Saved data entries

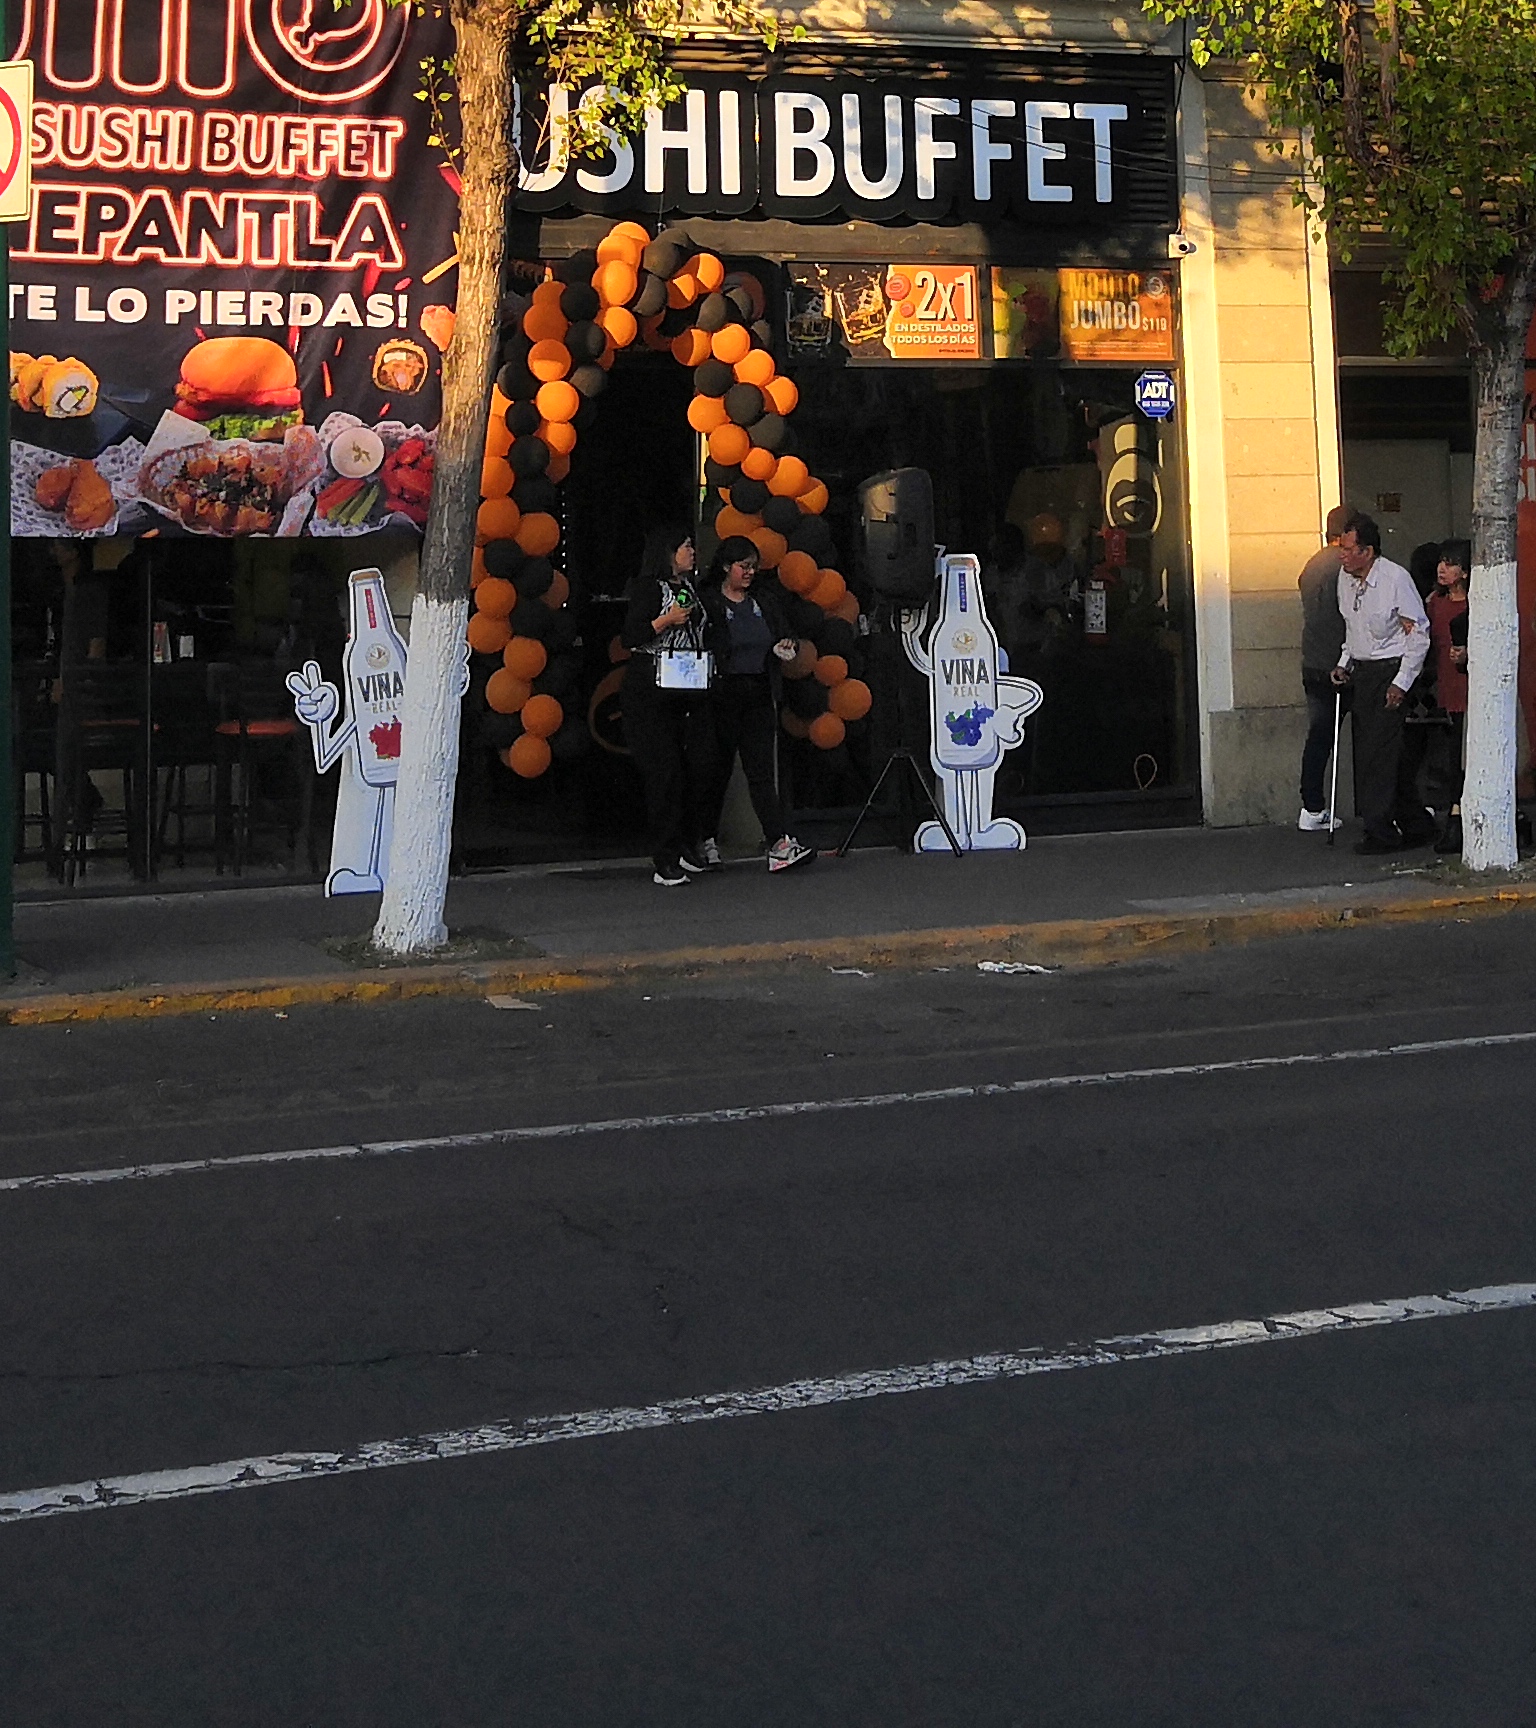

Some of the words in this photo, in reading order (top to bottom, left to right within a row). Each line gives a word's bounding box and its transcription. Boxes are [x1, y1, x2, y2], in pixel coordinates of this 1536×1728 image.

[31, 104, 194, 171] SUSHI
[201, 112, 405, 179] BUFFET
[512, 78, 741, 195] USHI
[774, 90, 1129, 204] BUFFET
[75, 286, 148, 324] LO
[165, 289, 408, 328] PIERDAS!
[915, 270, 974, 322] 2x1
[895, 323, 909, 332] EN
[910, 323, 975, 333] DESTILADOS
[1070, 300, 1141, 330] JUMBO
[891, 335, 927, 344] TODOS
[928, 335, 948, 344] LOS
[949, 333, 976, 344] DÍAS
[1142, 381, 1169, 399] ADT
[941, 658, 990, 686] VIÑA
[953, 686, 981, 698] REAL
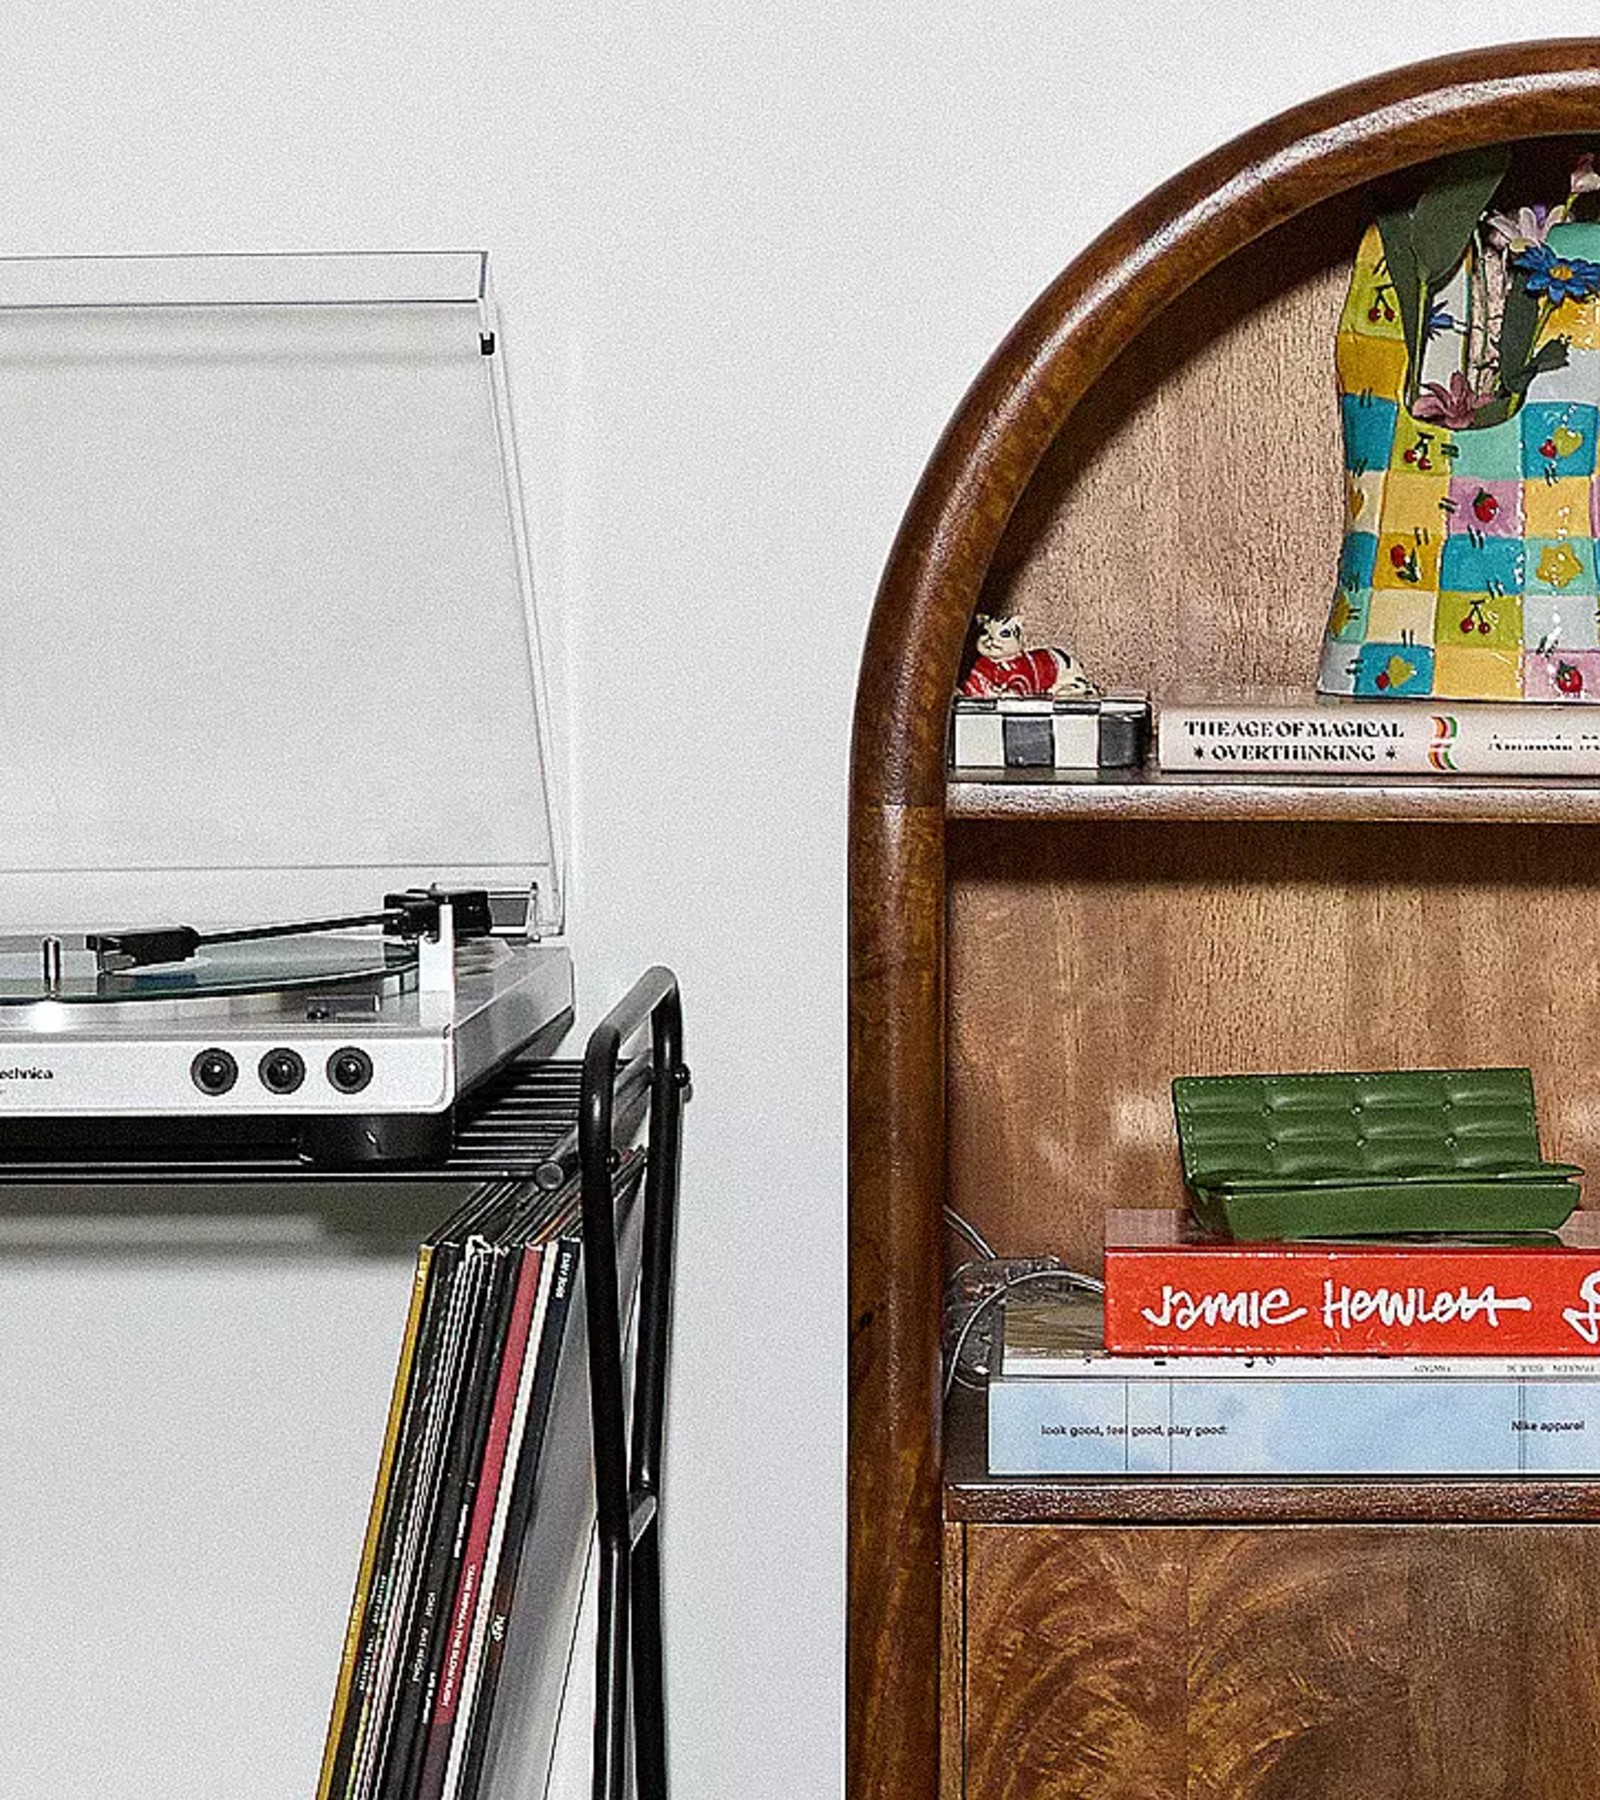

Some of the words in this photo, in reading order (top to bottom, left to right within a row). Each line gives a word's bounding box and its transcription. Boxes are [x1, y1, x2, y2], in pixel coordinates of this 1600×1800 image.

PROBLEM STATEMENT
Could you please repeat the entries above exactly, with every picture left out?

WRITTEN RESPONSE
Some of the words in this photo, in reading order (top to bottom, left to right within a row). Each line gives a word's bounding box and its transcription. Boxes are [x1, y1, x2, y2], in pixel coordinates of this 1536×1728 image.

[31, 104, 194, 171] SUSHI
[201, 112, 405, 179] BUFFET
[512, 78, 741, 195] USHI
[774, 90, 1129, 204] BUFFET
[75, 286, 148, 324] LO
[165, 289, 408, 328] PIERDAS!
[915, 270, 974, 322] 2x1
[895, 323, 909, 332] EN
[910, 323, 975, 333] DESTILADOS
[1070, 300, 1141, 330] JUMBO
[891, 335, 927, 344] TODOS
[928, 335, 948, 344] LOS
[949, 333, 976, 344] DÍAS
[1142, 381, 1169, 399] ADT
[941, 658, 990, 686] VIÑA
[953, 686, 981, 698] REAL

Some of the words in this photo, in reading order (top to bottom, left to right within a row). Each line gives a word's bounding box and its transcription. Boxes are [x1, y1, x2, y2], in pixel coordinates of this 1600×1800 image.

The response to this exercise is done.